Less than four weeks after ceremonies at the Port of Long Beach inaugurated its first transpacific service, ocean carrier Grand China Shipping (GCS) is expanding the service into two loops, with new coverage including Korea and the Port of Oakland.
Grand China launched its first transpacific service – the Super Pacific Express (SPX) – on April 26 with five 2,700-TEU vessels and a rotation of Hong Kong, Yantian, Ningbo, Shanghai, Long Beach, Hong Kong. Under the new configuration, the SPX rotation will be Ningbo, Shanghai, Pusan, Long Beach, Oakland and Ningbo.
A new second GCS transpacific loop, to be called the Pearl River Pacific Express (PPX), will utilize five 2,500-TEU vessels in a rotation of Xiamen, Hong Kong, Yantian, Long Beach and Oakland.

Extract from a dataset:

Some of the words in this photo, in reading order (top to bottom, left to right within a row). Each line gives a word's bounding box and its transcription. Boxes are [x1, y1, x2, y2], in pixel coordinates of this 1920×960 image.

Grand China Shipping operates a fleet of 23 container ships with a total capacity of 37,000 TEUs and is, according to the carrier, ranked 33rd among the world's biggest container lines.

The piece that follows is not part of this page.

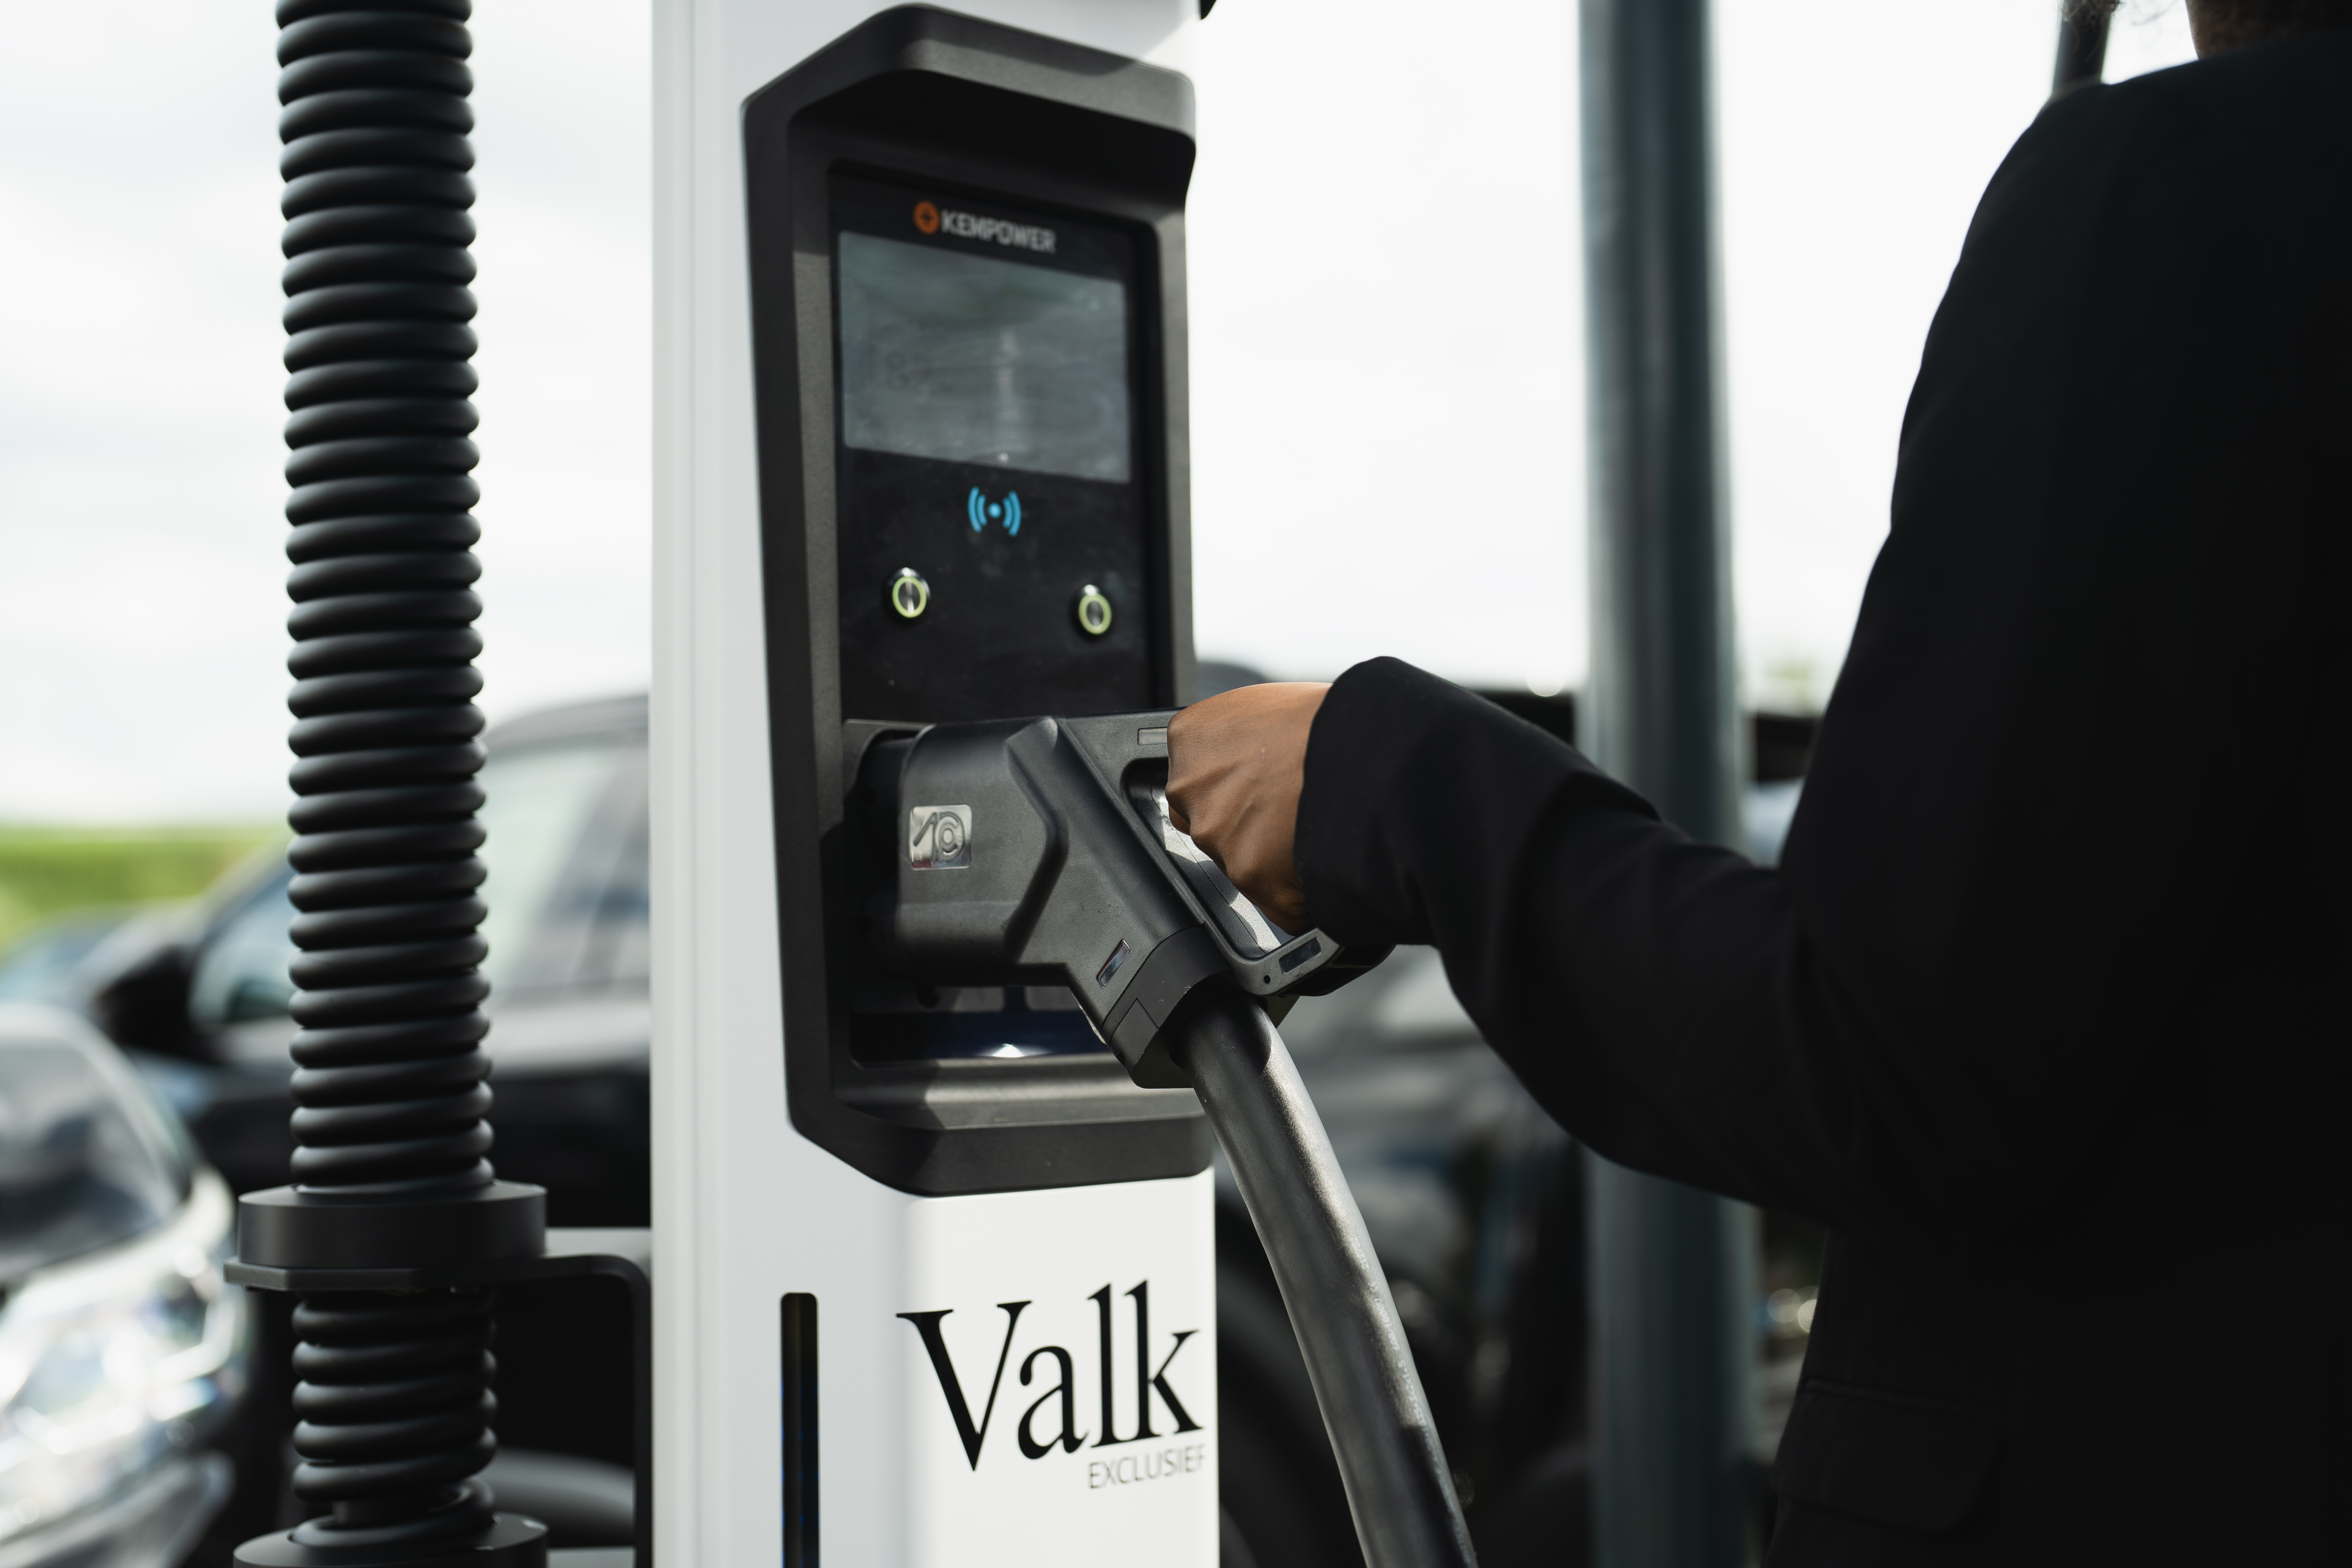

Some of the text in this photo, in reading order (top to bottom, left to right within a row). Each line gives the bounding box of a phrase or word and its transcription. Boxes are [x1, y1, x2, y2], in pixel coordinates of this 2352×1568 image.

[942, 209, 1056, 253] KEMPOWER
[896, 1280, 1204, 1471] Valk
[1090, 1445, 1205, 1489] EXCLUSIEF

The SPX and PPX services are the first major expansion out of the intra-Asia trade for the four-year-old start-up carrier.

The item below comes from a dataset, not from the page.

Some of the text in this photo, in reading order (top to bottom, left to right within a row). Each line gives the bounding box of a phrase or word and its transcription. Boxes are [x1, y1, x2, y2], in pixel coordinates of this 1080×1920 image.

In the past year, total weekly container capacity in the transpacific services has grown by nearly 70,000 TEUs to just under 260,000 TEUs. Close to a quarter of this added weekly capacity is due to the addition of services by relative newcomers to the Asia-West Coast trade, including GCS, Hainan Pan Ocean Shipping, and T.S. Lines. Additional capacity has been added by established providers such as Grand Alliance member lines Hapag-Lloyd, NYK and OOCL and New World Alliance members APL, Hyundai Merchant Marine and MOL, which have resumed transpacific services that were either abandoned during the economic downturn or shuttered during the slack season.